For years, the department has been perpetrating a fraud on the Parliament and people of Canada, hiding the true costs of the National Firearms Registry as they spiralled more than 400 times beyond the first estimate.

And the Auditor-General blames this chaos in part on an antigun ethic within the program that sees weapons possession of any kind as "a questionable activity" that needs to be rigorously controlled.

"If you look at the report there's no wrongdoing at all," Justice Minister Martin Cauchon insisted yesterday. Criminal wrongdoing, no. But as for incompetence and deception -- well, you be the judge.

In 1994, when Allan Rock, the justice minister at the time, introduced the Canadian Firearms Program, he projected the net cost of licensing gun owners and registering every long gun in the country to be $2-million (about $119- million to implement, offset by $117-million in fees). The Department of Justice now estimates that the net cost will be $860-million through 2005 (or $1-billion in costs offset by $140-million in fees). The Auditor-General doubts even this figure is accurate, though, since she reports that the department's books are in such a mess that a complete assessment of costs is impossible.

How could a program go so far wrong, so fast? The Justice Department offers a litany of excuses. The government expected the provinces to co-operate in establishing the system -- a tad naïve, since several of them challenged the legality of the registry in court.

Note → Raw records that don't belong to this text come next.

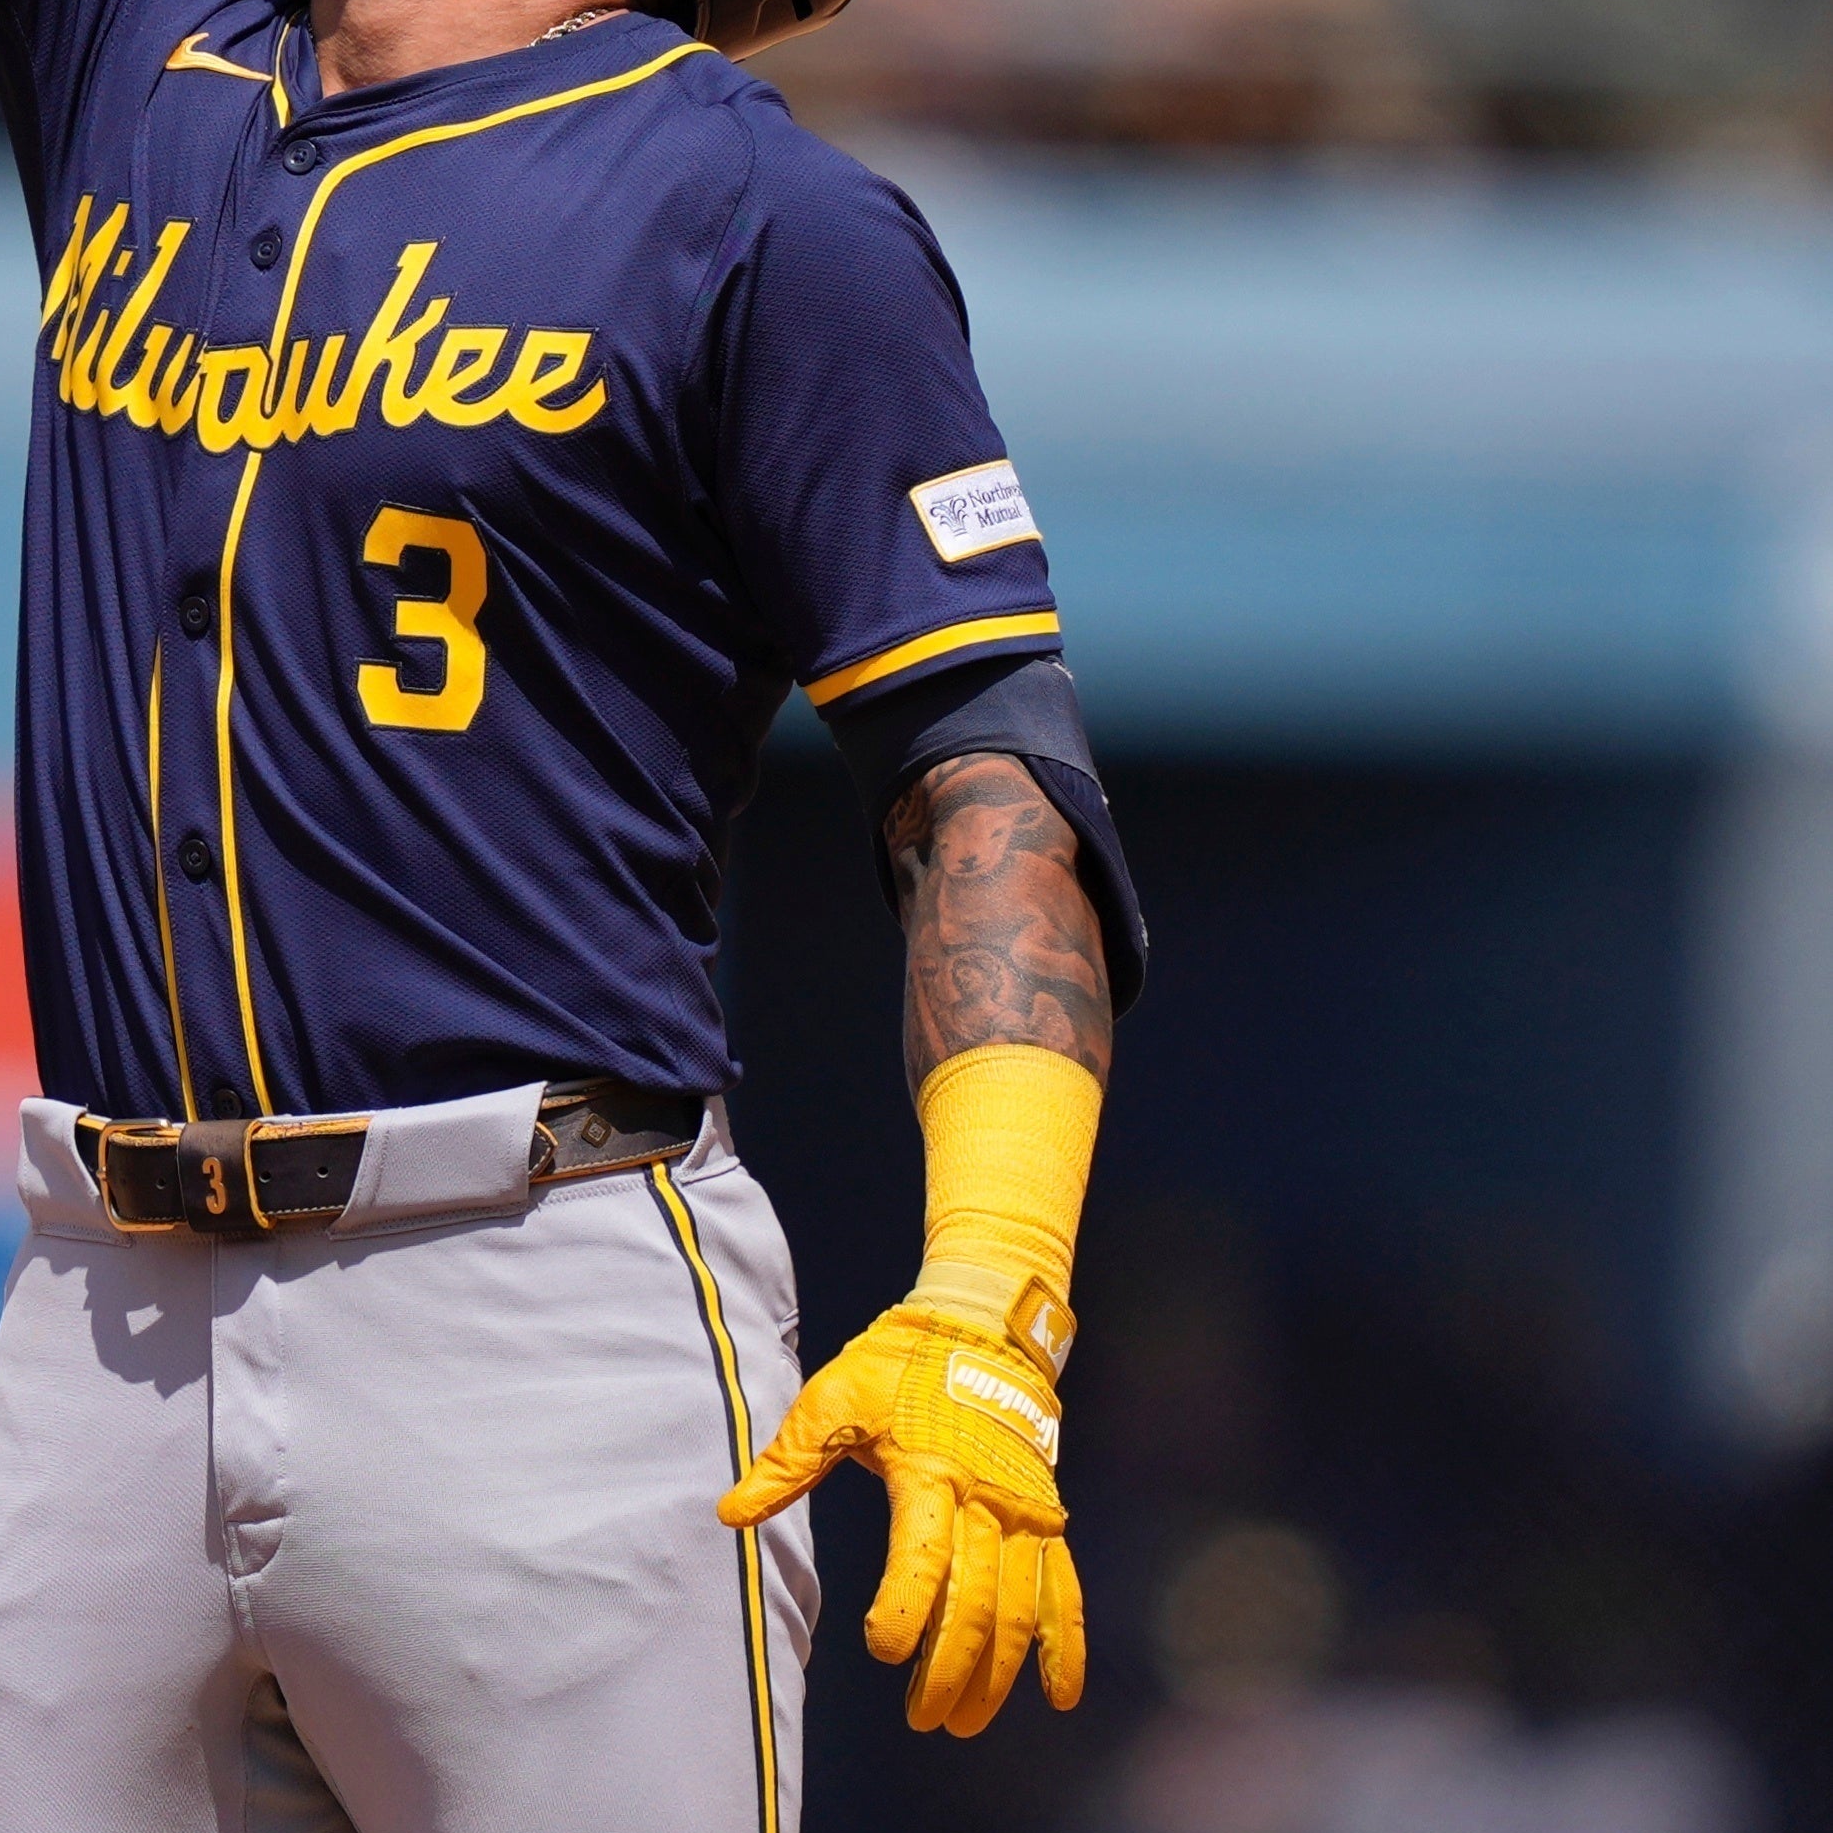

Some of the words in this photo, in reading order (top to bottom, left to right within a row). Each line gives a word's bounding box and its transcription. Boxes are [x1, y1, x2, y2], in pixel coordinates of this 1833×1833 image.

[39, 192, 610, 455] Milwaukee
[976, 501, 1023, 529] Mutual
[356, 500, 491, 733] 3
[201, 1155, 227, 1215] 3
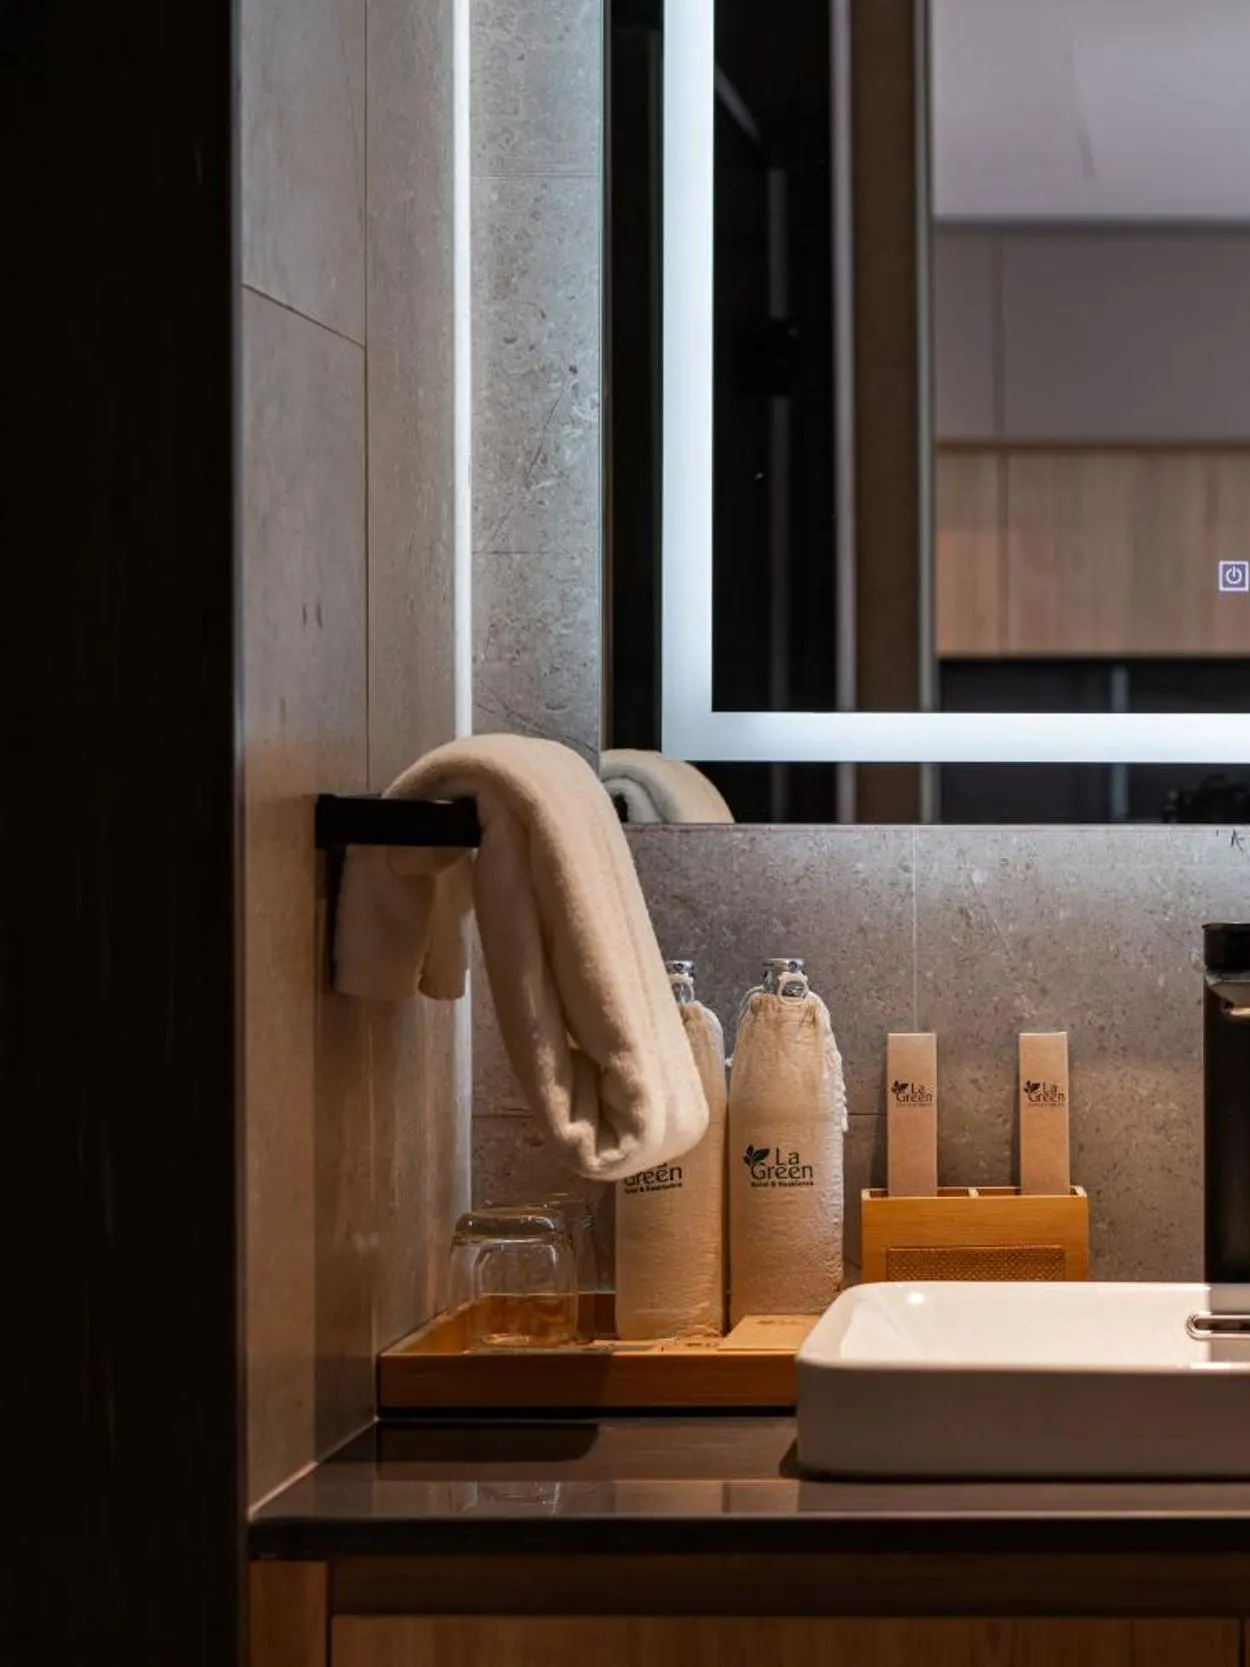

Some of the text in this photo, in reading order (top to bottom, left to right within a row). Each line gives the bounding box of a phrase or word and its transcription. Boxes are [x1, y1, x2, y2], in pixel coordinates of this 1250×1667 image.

[911, 1082, 925, 1094] La
[896, 1091, 933, 1103] Green
[1028, 1091, 1065, 1103] Green
[776, 1147, 800, 1166] La
[751, 1163, 813, 1180] Green
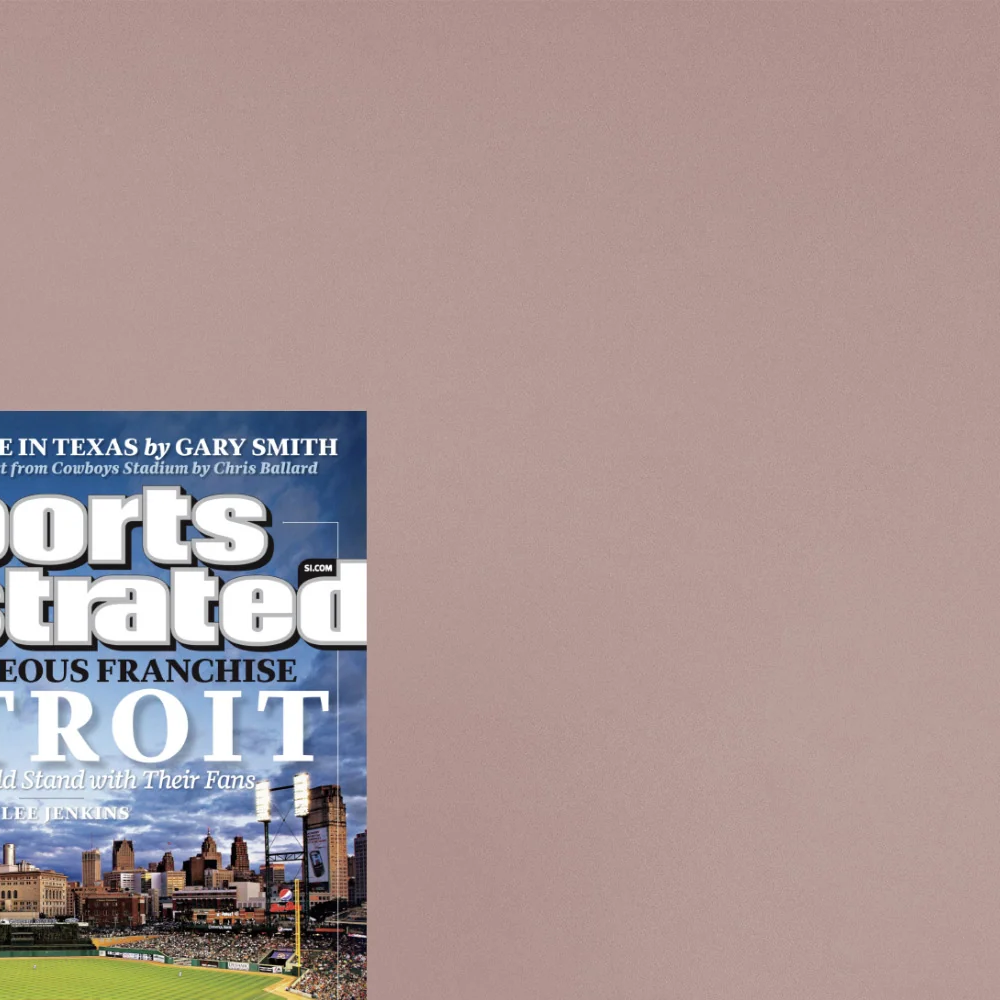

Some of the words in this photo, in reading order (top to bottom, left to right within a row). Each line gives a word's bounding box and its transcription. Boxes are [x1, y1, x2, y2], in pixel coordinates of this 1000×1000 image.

[18, 438, 48, 456] IN
[52, 438, 139, 456] TEXAS
[144, 437, 170, 459] by
[175, 438, 246, 456] GARY
[251, 438, 338, 456] SMITH
[10, 461, 48, 478] from
[52, 461, 120, 478] Cowboys
[123, 461, 188, 475] Stadium
[192, 461, 210, 478] by
[214, 461, 257, 475] Chris
[260, 461, 318, 475] Ballard
[304, 564, 333, 572] SI.COM
[97, 658, 297, 683] FRANCHISE
[21, 770, 84, 789] Stand
[89, 770, 137, 789] with
[143, 770, 200, 789] Their
[204, 770, 255, 789] Fans
[1, 807, 38, 820] LEE
[45, 806, 131, 823] JENKINS
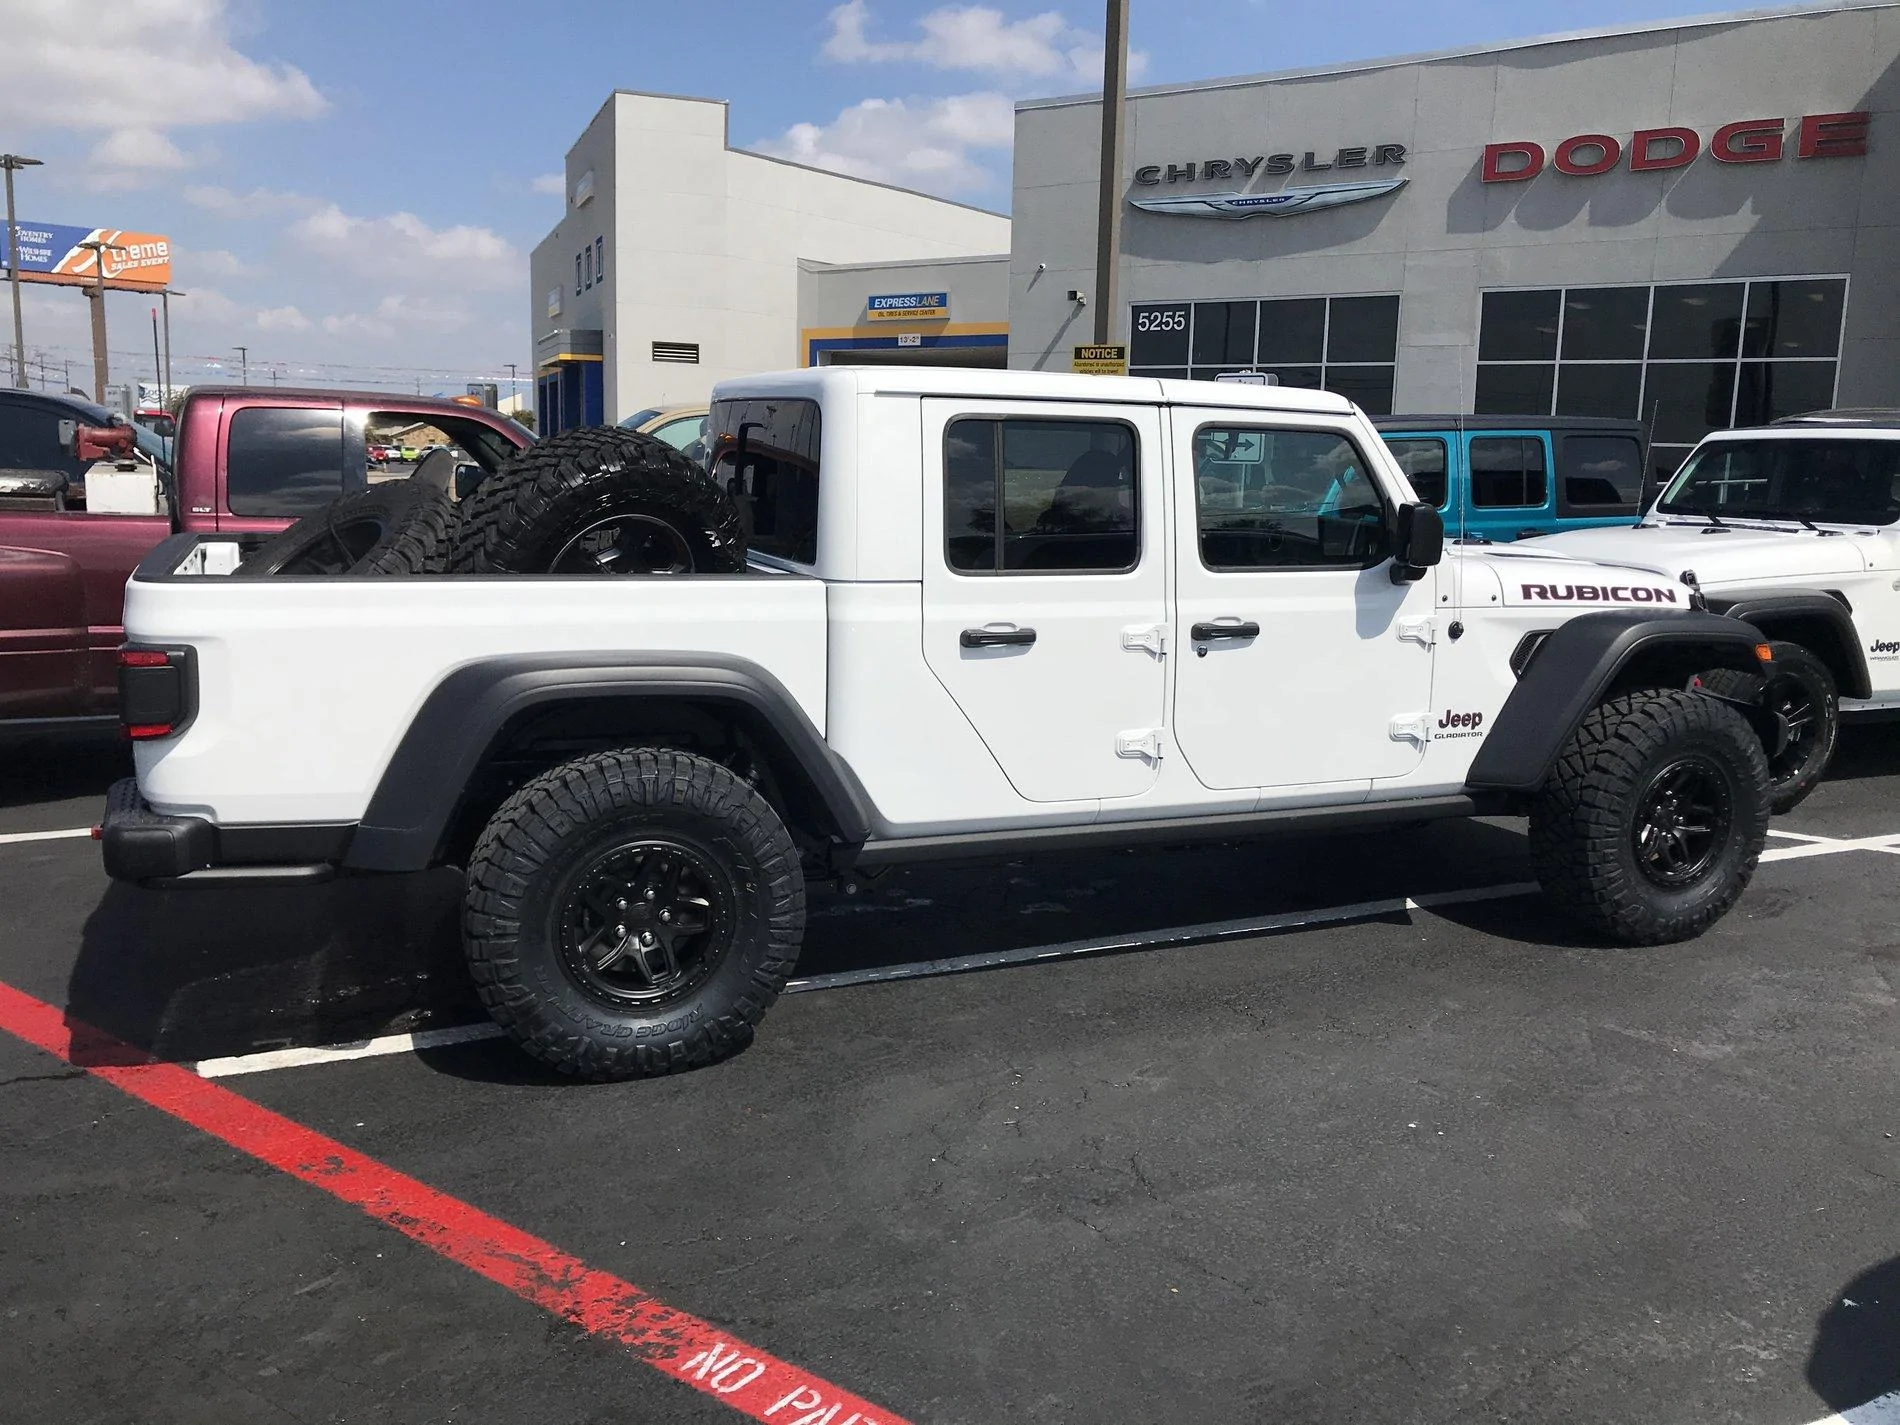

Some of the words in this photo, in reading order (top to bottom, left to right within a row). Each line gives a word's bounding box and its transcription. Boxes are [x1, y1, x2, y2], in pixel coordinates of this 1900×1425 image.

Fees were supposed to cover the costs of the program. But to lessen outrage, the fees were reduced and often refunded. The department also somewhat underestimated the cost of processing the forms. They put one estimate at $5.50 a form. It turned out to be $23.75.

The government also expected gun owners to apply for their licences and permits early and properly. But the forms were so badly designed that 90 per cent of them were incorrectly filled out, and gun owners hate the program so much they have waited until the last minute to file, causing huge backlogs.

All this is simple incompetence. What makes the affair so contemptible is the contempt in which the government held Parliament. From the very beginning, the Justice Department and the government itself used every conceivable means to hide many of the cost overruns, deceiving the House of Commons in order to prevent it from exercising its right to scrutinize and criticize government expenditures.

Some of the Justice Department's deceptions were breathtaking. In May of 2000 the department told a parliamentary committee that the program's costs had escalated to $327-million. Internally, the department was warning the government that costs would exceed $1-billion.

In one ingenious slush fund, the department set aside $126-million to help Correctional Services Canada and the National Parole Board adapt to the program's requirements, without bothering to tell Parliament. Then the department redirected all but $7-million of that fund back into the program.

The department also conspired to hide the registry's true costs by offloading them to other programs, and by financing 70 per cent of the program through supplementary estimates, which are only supposed to cover unanticipated expenses.

At the heart of this deception, however, was an antigun attitude within the program itself. The registry was initially supposed to focus on a small minority of gun owners who posed a risk to society. Instead, by the department's own admission, the focus changed "to excessive regulation and enforcement of controls over all owners," making it "difficult for owners to comply with the program."

And here is the sentence justifying every conspiracy theorist who argues the purpose of the registry is ultimately to confiscate the nation's firearms.

"The department said the excessive regulation had occurred [in part]because some of the program partners believed that the use of firearms is in itself a 'questionable activity' that required strong controls."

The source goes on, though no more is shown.